In the book Murder, Magic, and Medicine, the author John Mann cites Jordan de Bergamo, a 15-century theologian who wrote that “the vulgar believe, and witches confess, that on certain days or nights, they anoint a staff and ride on it to the appointed place or anoint themselves under the arms and in other hairy places.”

By the 17th century, there were stories of witches flying up and out of their chimneys on broomsticks. Some historians believe that because of a common practice of women who’d leave their broom outside their doors to let their neighbors know they’d gone to the market and weren’t home, that the broomstick became associated with women’s inability to leave the house without being noticed. Honestly, the ties between witches and broomsticks seems tenuous at best, especially since there are very few written admissions of broomstick flying by people actually accused of witchcraft.

Witches illustrated in Martin Le Franc’s ‘Le Champion des Dames’ (1451) (via Bibliothèque Nationale de France (BNF)/Wikimedia) {{PD-US}} – US work that is in the public domain in the US for an unspecified reason, but presumably because it was published in the US before 1929.

There is one intriguing account of a man accused of witchcraft who admitted he’d flown on a broomstick, but it dates to 1453. Guillaume Edelin, a priest from Saint-Germain-en-Laye, France, was arrested and tried for witchcraft. Probably because he was quite public about his criticism of the church and their pursuit of witches. Anyway, during his interrogation which included torture, he confessed to riding a broom. He repented, but spent the rest of his life in prison. But Edelin’s story of riding a broomstick could’ve been inspired a French poet named Martin Le Franc. In 1451, two years before Edelin’s accusation, two illustrations were added to Le Franc’s manuscript titled “Le Champion des Dames (The Defender of Ladies). One drawing features a woman on a broom, and the other shows another woman riding a plain white stick. It’s possible that Edelin was inspired by these drawings, especially since Le Franc’s publication had been hugely successful.

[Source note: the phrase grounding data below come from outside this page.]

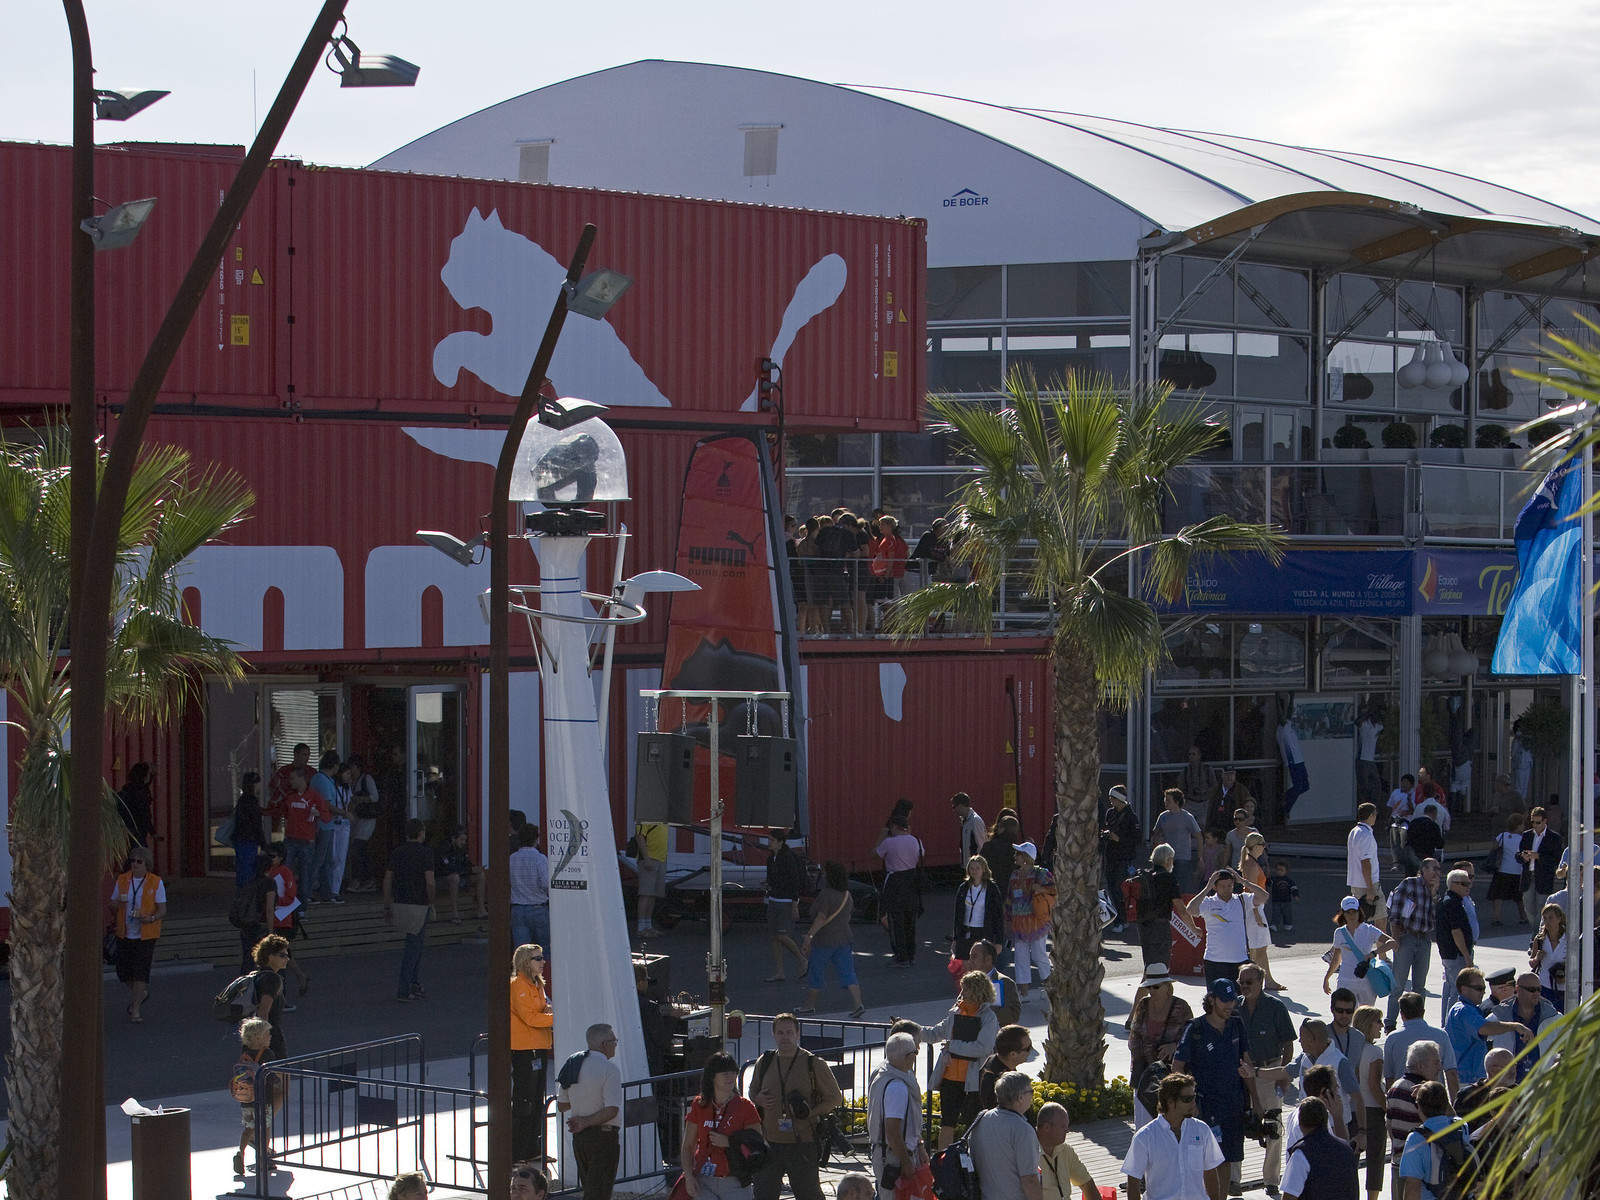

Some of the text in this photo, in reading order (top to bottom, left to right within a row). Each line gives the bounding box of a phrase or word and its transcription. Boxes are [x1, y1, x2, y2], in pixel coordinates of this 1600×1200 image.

[943, 196, 989, 207] DE BOER
[688, 546, 746, 567] PUMA
[687, 568, 746, 578] puma.com
[1187, 576, 1218, 588] Equipo
[1367, 573, 1405, 590] Village
[1438, 575, 1459, 587] Equipo
[1293, 590, 1318, 598] VUELTA
[1320, 590, 1329, 598] AL
[1385, 599, 1405, 607] NEGRO
[549, 819, 589, 830] VOLVO
[549, 832, 589, 843] OCEAN
[549, 845, 589, 857] RACE
[1171, 915, 1197, 942] TERRAZA

By the 18th century, most of the witch panic had subsided, partly due to the horror of the Salem Witch Trials in 1692. Even during those testimonies, the witches were supposedly flying on poles, not brooms. But the images of a witch riding a broom has become even more popular today, and I suspect it has to do with an old movie called Häxan (1922) that is part horror flick and part witchcraft documentary. This black-and-white movie silent movie included scenes of broom-riding witches. (If you want to watch it, there are multiple versions floating around the internet, but the Criterion version is the best one.) And, supposedly, the style of filming inspired the young filmmakers who made The Blair Witch Project. (That is hearsay I was unable to corroborate, but it’s plausible since Häxan is still studied in film schools.)

So while the connection between witches and broomsticks seems tenuous, I can’t deny that it makes for a great visual. And maybe that was the point all along. Maybe, to rile up people and get them to believe outrageous claims, they needed propaganda that people could visualize on their own. Broomsticks were ubiquitous. Every household, rich and poor, had one. That meant that every household had the potential to be hiding a witch. And as far as propaganda goes, that’s an easy and powerful symbol that everyone could understand… and fear.

I hope you all have a wonderfully spooky week and maybe, just for a few days, put away your brooms!